In terms of treatment regimens, treatment recommendations for pulmonary M. kansasii infections had included INH, rifampin, and ethambutol [10, 11]. Susceptibility testing was previously recommended only for rifampin, as the susceptibility to other agents was often predicted by rifampin susceptibility [11]. In addition, treatment failures had previously been linked almost exclusively to rifampin resistance [12]. INH resistance has previously been reported in cases of prior INH exposure [11]. Macrolides such as clarithromycin and the fourth generation fluoroquinolone moxifloxacin have demonstrated very good in vitro activity against M. kansasii and may be an alternative to INH [10].

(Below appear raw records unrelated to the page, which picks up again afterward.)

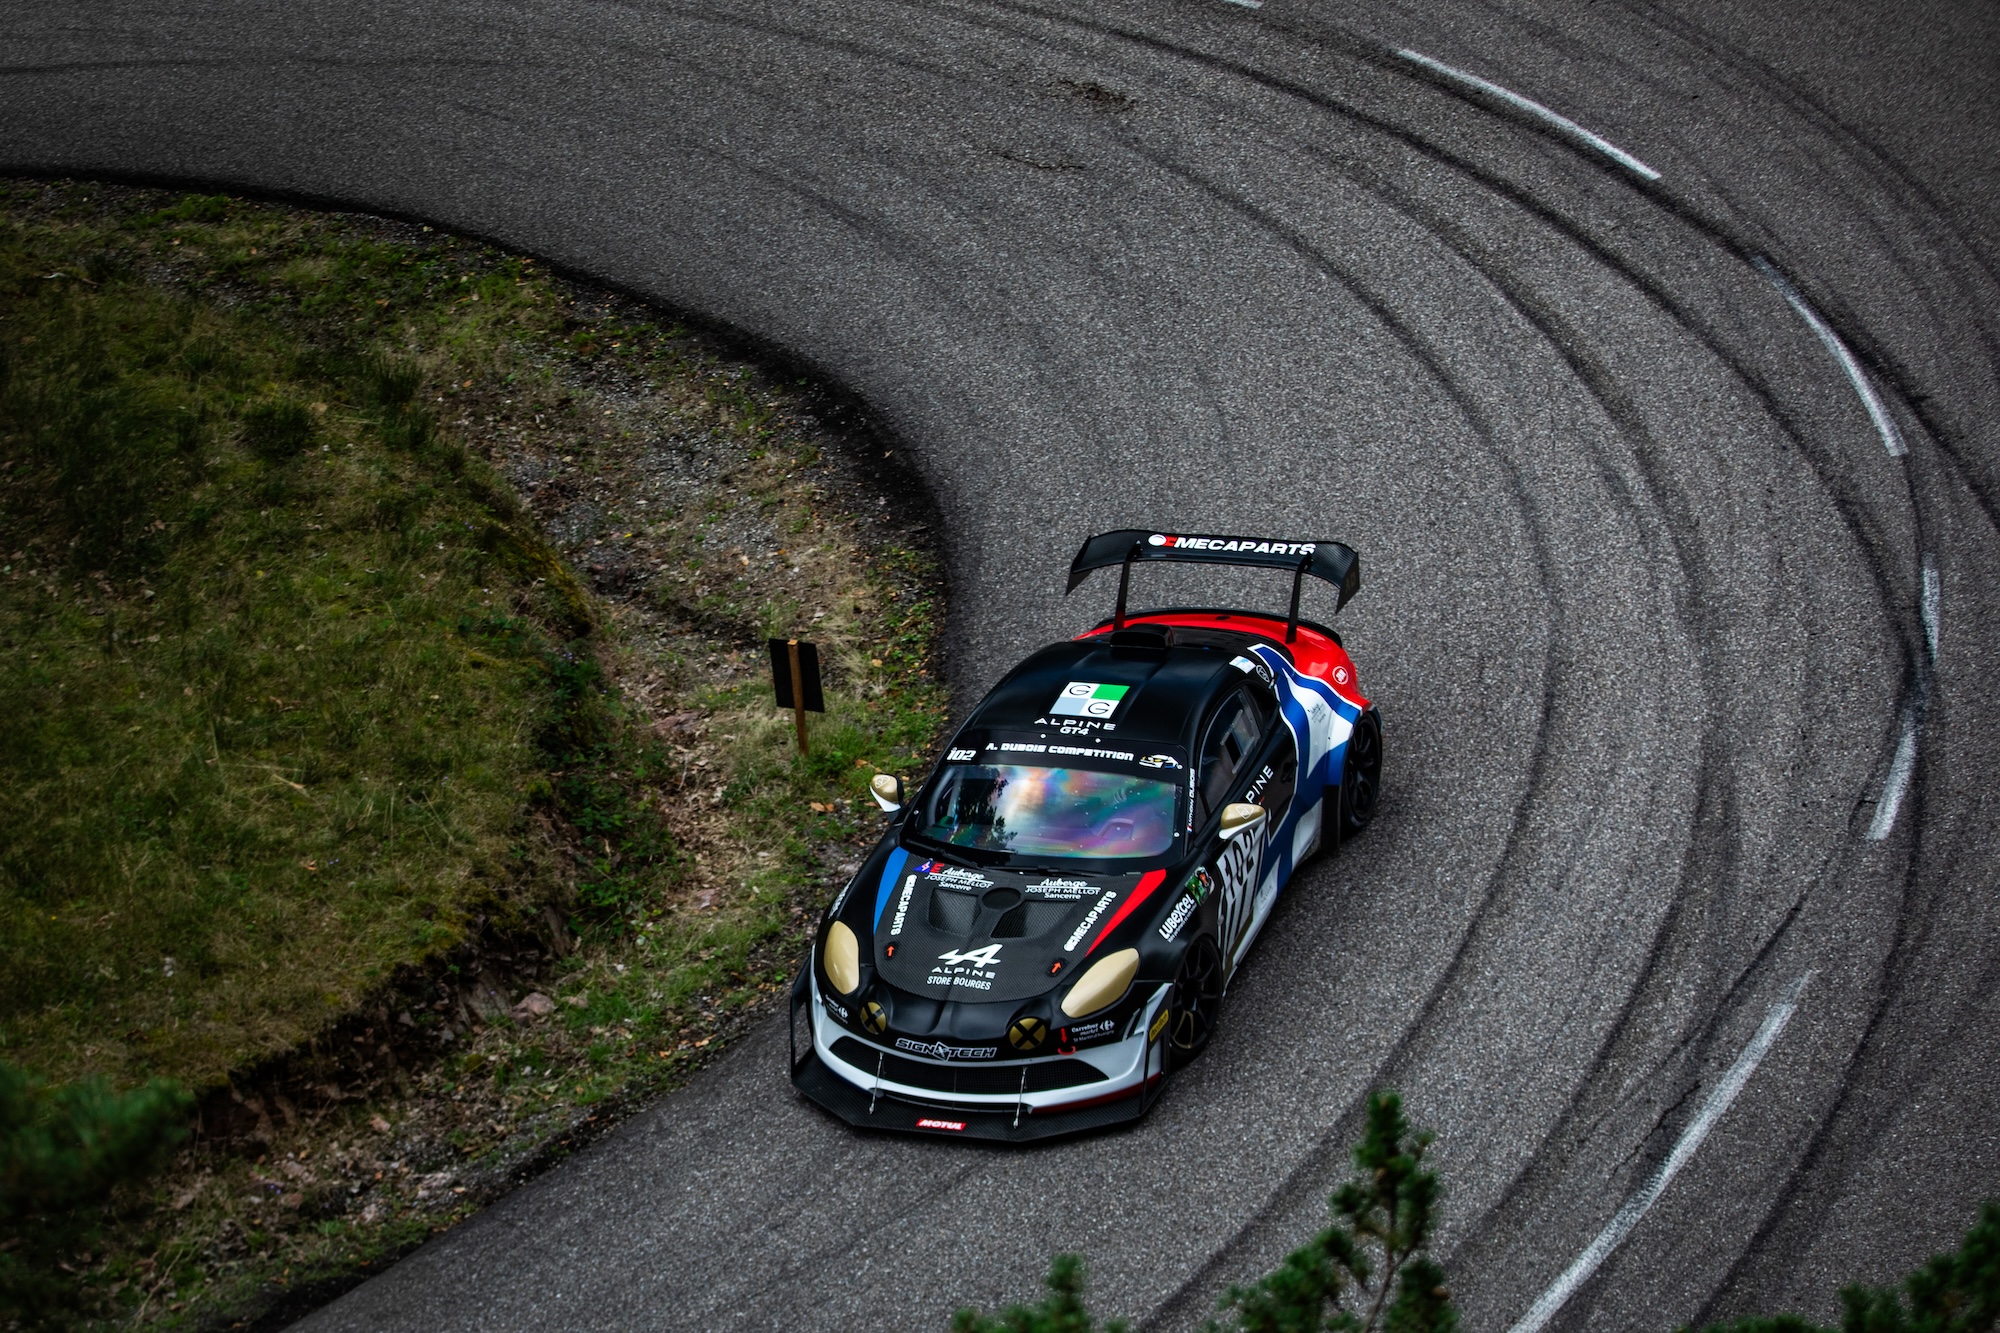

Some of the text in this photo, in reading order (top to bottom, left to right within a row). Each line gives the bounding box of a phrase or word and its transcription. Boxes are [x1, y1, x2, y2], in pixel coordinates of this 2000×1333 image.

[1034, 718, 1116, 731] ALPINE
[1060, 726, 1089, 736] GT4
[1000, 743, 1047, 752] DUBOIS
[1048, 745, 1135, 761] COMPETITION
[942, 867, 985, 881] Auberge
[924, 874, 993, 889] JOSEPH MELLOT
[939, 881, 972, 891] Sancerre
[1040, 878, 1088, 888] Auberge
[1044, 892, 1081, 900] Sancerre
[932, 967, 996, 979] ALPINE
[927, 976, 991, 990] STORE BOURGES
[1071, 1023, 1099, 1033] Carrefour
[919, 1119, 962, 1130] MOTUL

As noted, resistance testing was initially performed via the agar proportion method and subsequently followed by the broth dilution method. The isolate in this case did not conform to previous findings, as the isolate was susceptible to rifampin but resistant to INH in two reference labs. Our patient also had no prior exposure to INH. The reason for different susceptibility results of ethambutol between the two reference labs is unclear. M. kansasii susceptibility testing has previously been performed via both the agar proportion method and broth dilution method [1214]. A previous study observed susceptibility results in M. tuberculosis testing found broth dilution to produce an MIC closer to the true MIC [15]. This was thought to be from a lower degree of absorption and degradation in the liquid medium, as opposed to the agar method [15].

4. Conclusion

Our patient with atypical mycobacteria was successfully treated with surgical debridement and 6 months of antimycobacterial therapy, with 6 months of 2-drug therapy consisting of clarithromycin and rifampin. He had also received 4 months of INH and 2 months of ethambutol, which may not have significantly contributed to his resolution.

Conflicts of Interest

The authors declare there are no conflicts of interest regarding the publication of this paper.